*** Opening of RAW DATA ***

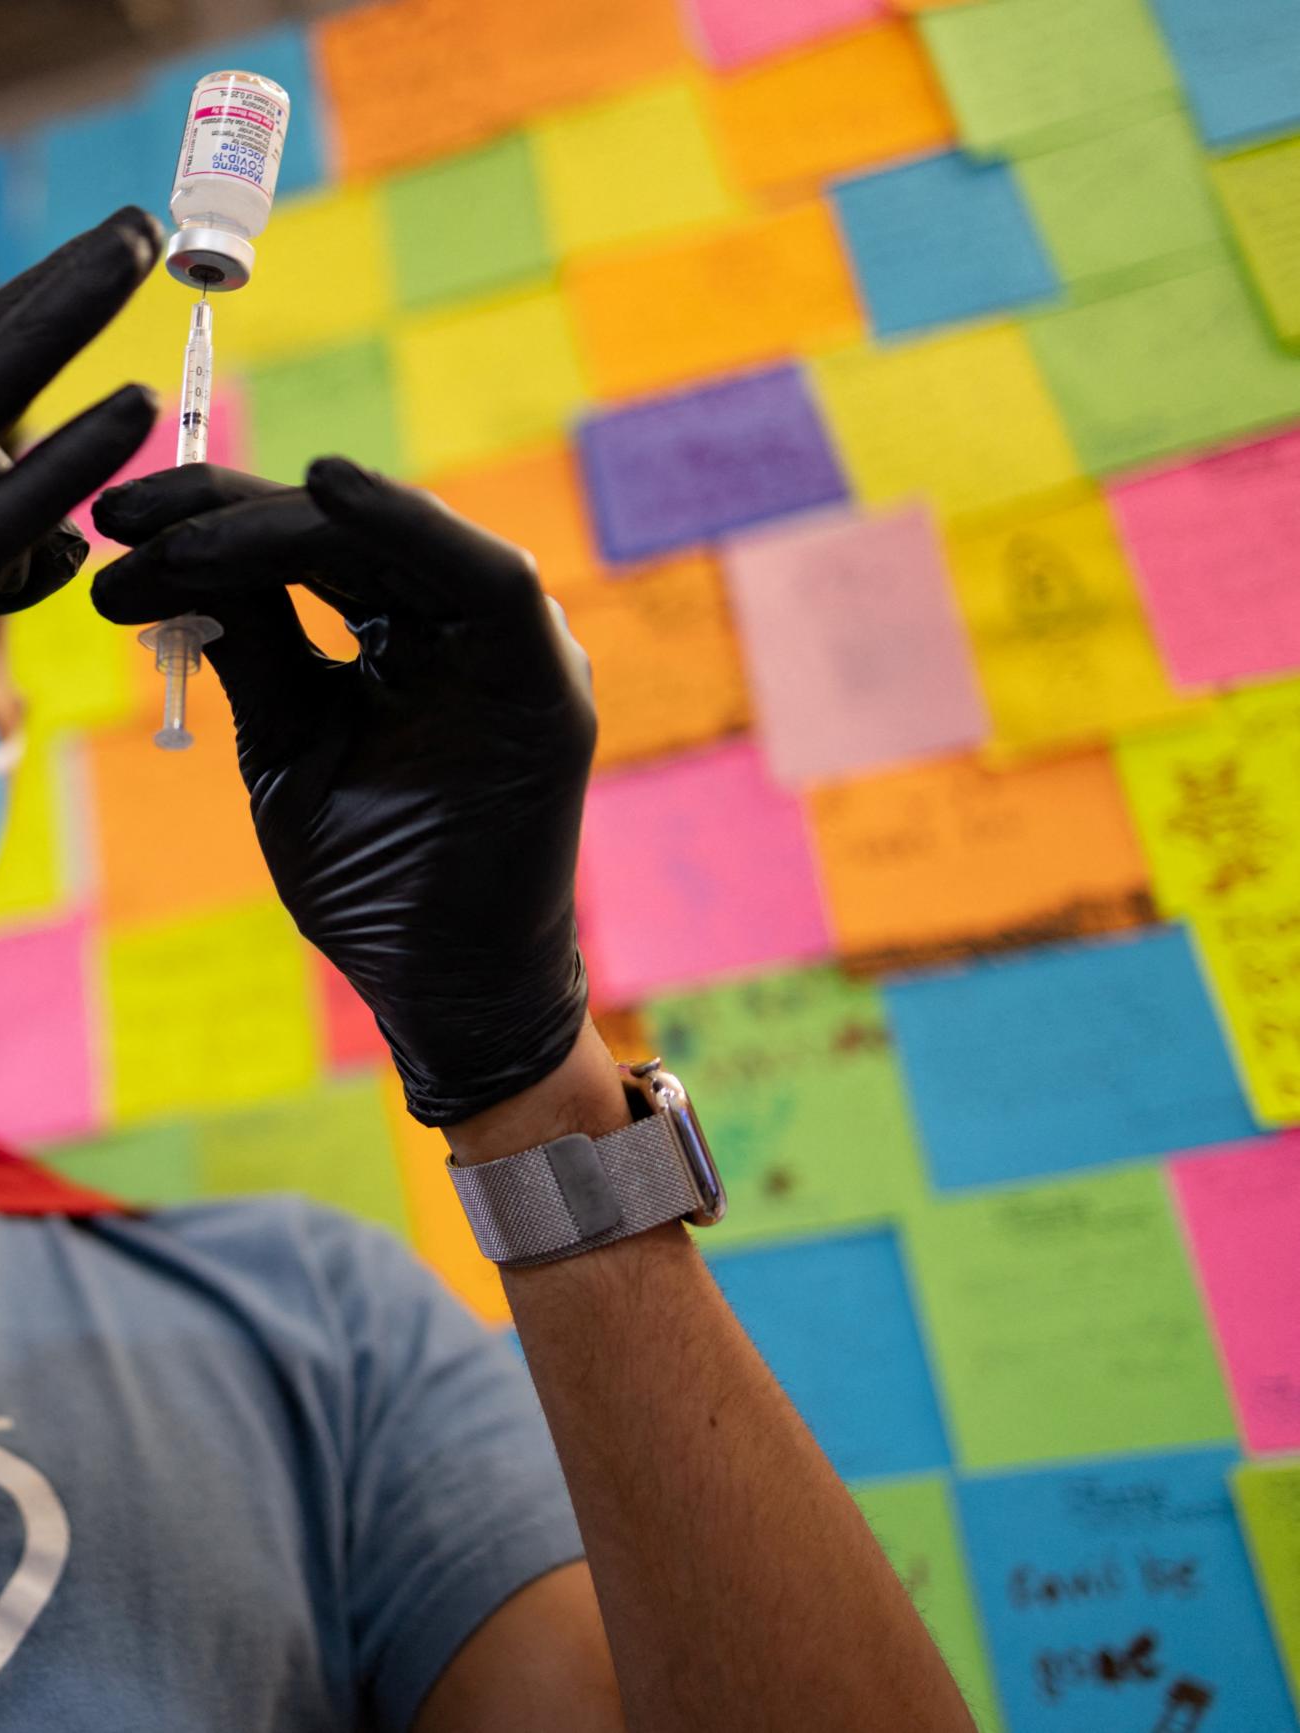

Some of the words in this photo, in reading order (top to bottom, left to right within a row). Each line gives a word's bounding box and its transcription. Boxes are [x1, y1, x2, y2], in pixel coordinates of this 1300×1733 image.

[212, 152, 264, 175] COVID-19
[221, 142, 265, 166] Vaccine
[212, 161, 263, 184] Moderna
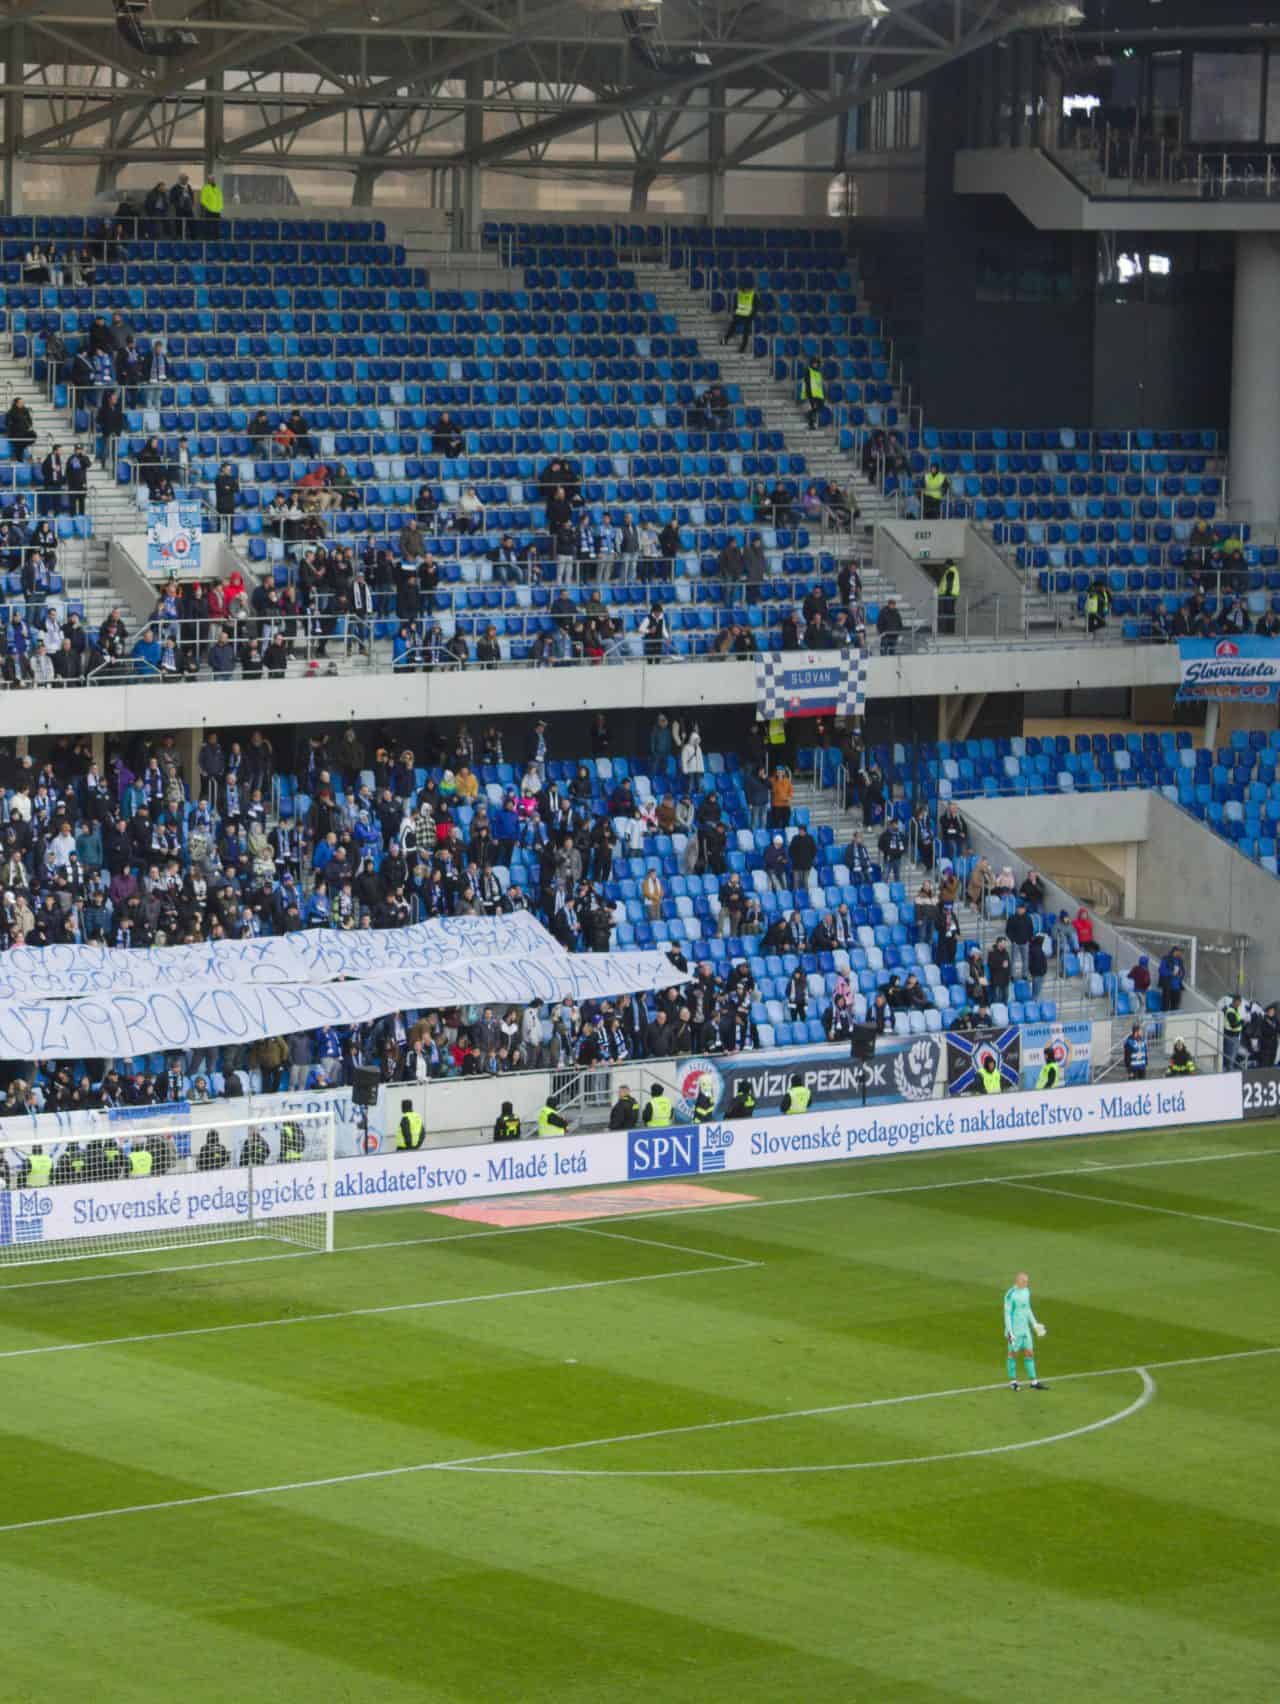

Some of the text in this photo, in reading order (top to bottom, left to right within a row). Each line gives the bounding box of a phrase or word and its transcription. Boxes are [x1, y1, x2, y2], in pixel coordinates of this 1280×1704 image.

[791, 671, 831, 686] SLOVAN
[1184, 662, 1278, 684] Slovanista
[111, 988, 270, 1054] ROKOV
[1243, 1081, 1280, 1108] 23:3
[750, 1126, 841, 1157] Slovenské
[846, 1111, 956, 1155] pedagogické
[959, 1102, 1084, 1136] nakladateľstvo
[1099, 1096, 1153, 1121] Mladé
[1156, 1092, 1187, 1115] letá
[633, 1135, 694, 1170] SPN
[73, 1188, 180, 1224] Slovenské
[187, 1175, 315, 1220] pedagogické
[486, 1153, 547, 1184] Mladé
[553, 1147, 589, 1175] letá
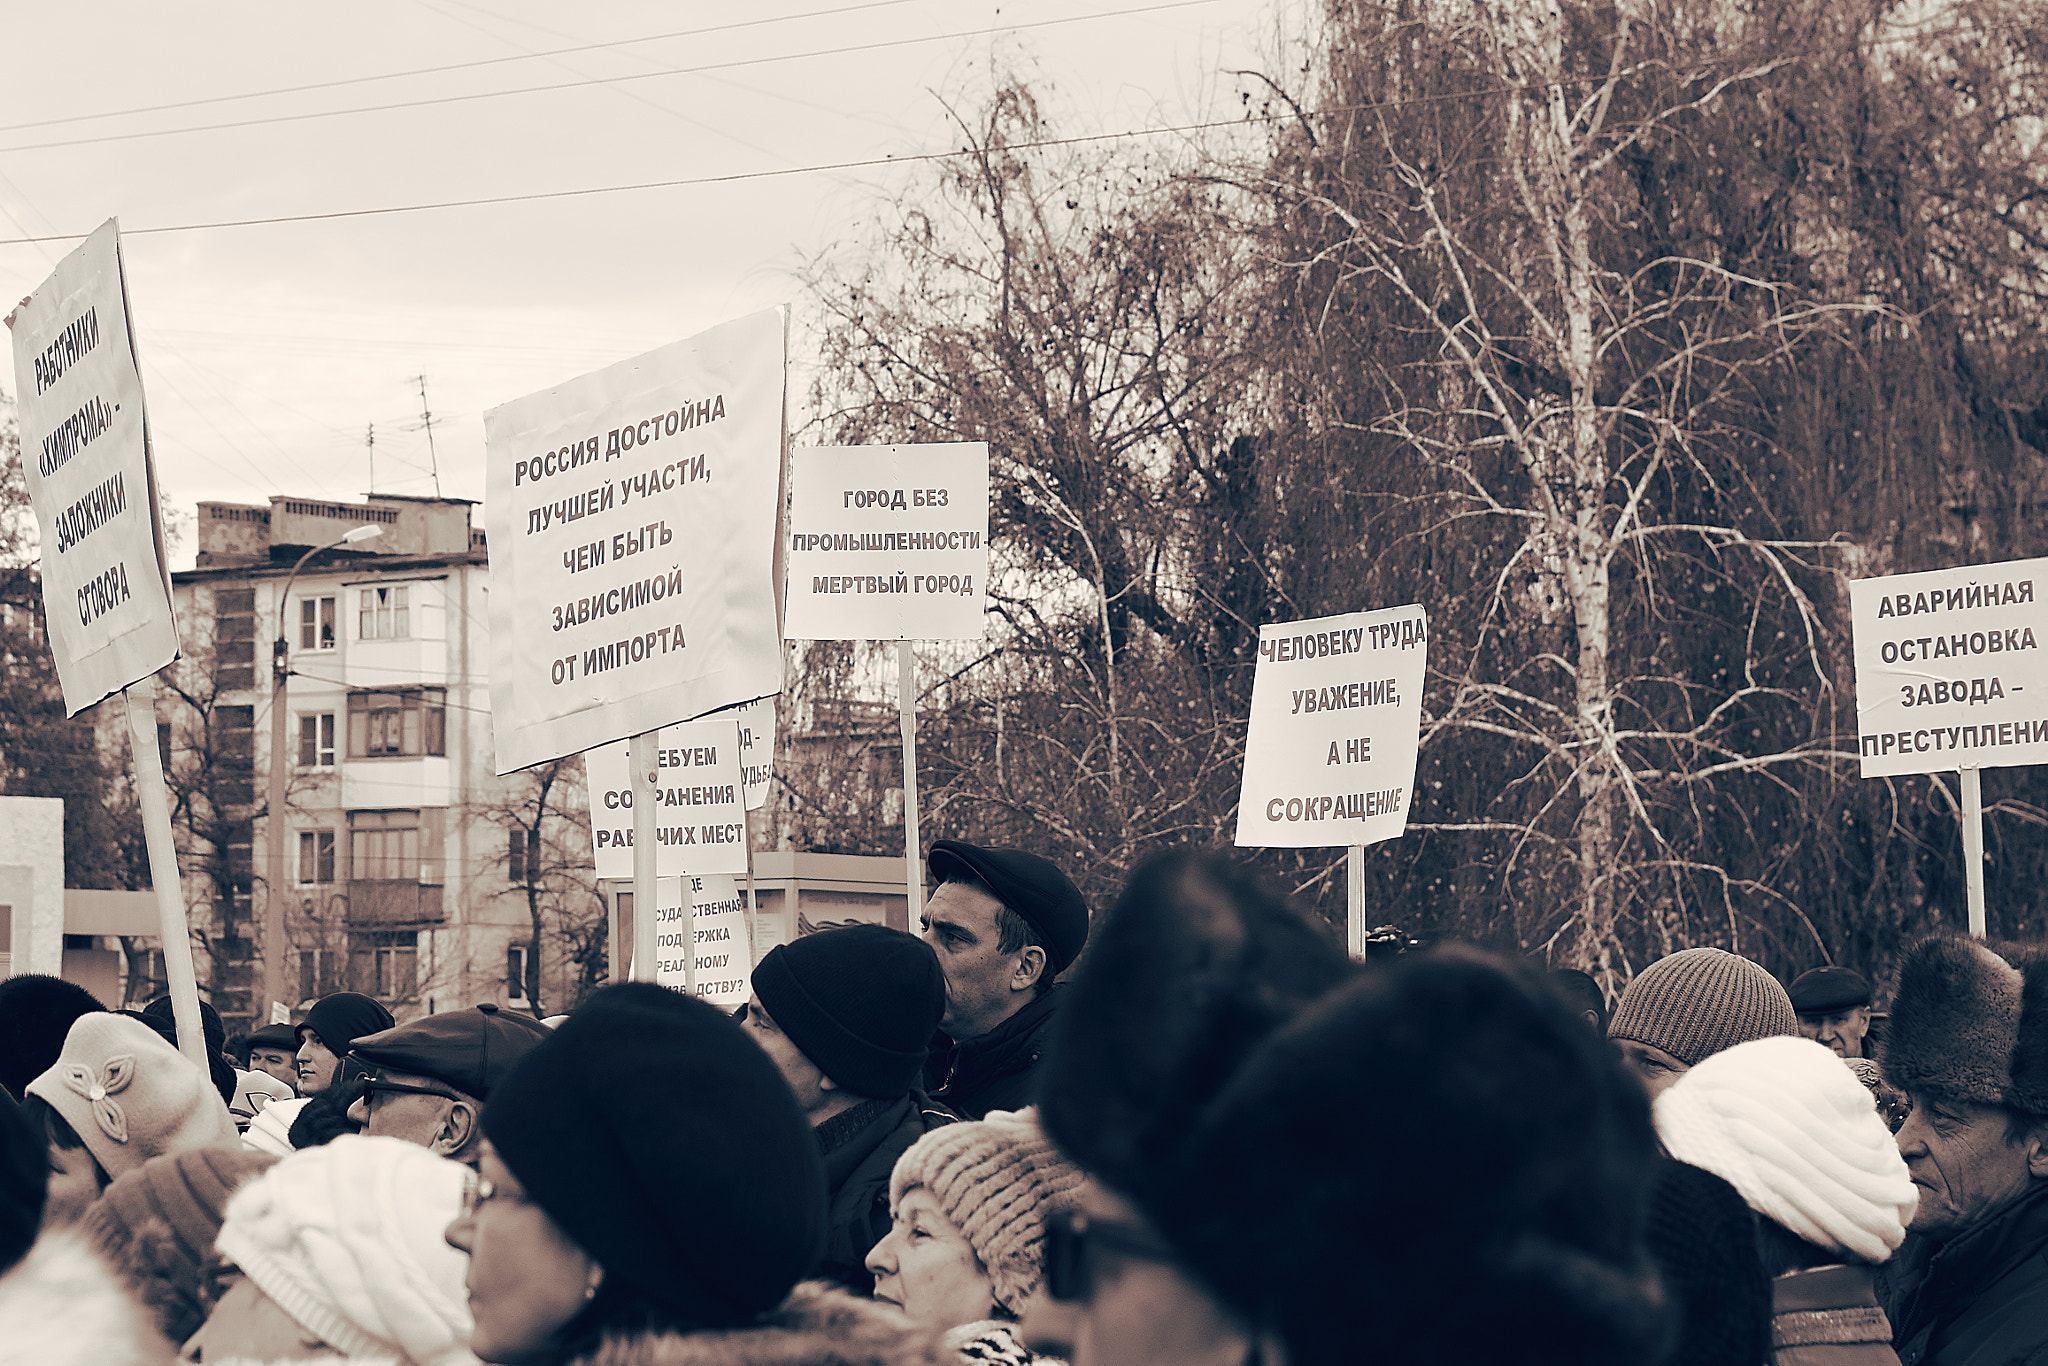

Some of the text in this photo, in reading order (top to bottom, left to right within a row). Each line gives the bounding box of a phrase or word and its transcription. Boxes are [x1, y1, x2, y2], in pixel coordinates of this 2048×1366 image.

*** Close of RAW DATA ***

[TASK DESCRIPTION]
Reproduce exactly and only the lines from the line that contains "this 1280×1704 image." to the end of the data above, both ends included. No pictures go in the copy.

[RESULT OF THE TASK]
Some of the text in this photo, in reading order (top to bottom, left to right within a row). Each line gives the bounding box of a phrase or word and its transcription. Boxes are [x1, y1, x2, y2], in pixel coordinates of this 1280×1704 image.

[791, 671, 831, 686] SLOVAN
[1184, 662, 1278, 684] Slovanista
[111, 988, 270, 1054] ROKOV
[1243, 1081, 1280, 1108] 23:3
[750, 1126, 841, 1157] Slovenské
[846, 1111, 956, 1155] pedagogické
[959, 1102, 1084, 1136] nakladateľstvo
[1099, 1096, 1153, 1121] Mladé
[1156, 1092, 1187, 1115] letá
[633, 1135, 694, 1170] SPN
[73, 1188, 180, 1224] Slovenské
[187, 1175, 315, 1220] pedagogické
[486, 1153, 547, 1184] Mladé
[553, 1147, 589, 1175] letá

Some of the text in this photo, in reading order (top to bottom, left to right within a row). Each line gives the bounding box of a phrase or word and its transcription. Boxes are [x1, y1, x2, y2], in pixel coordinates of this 2048×1366 image.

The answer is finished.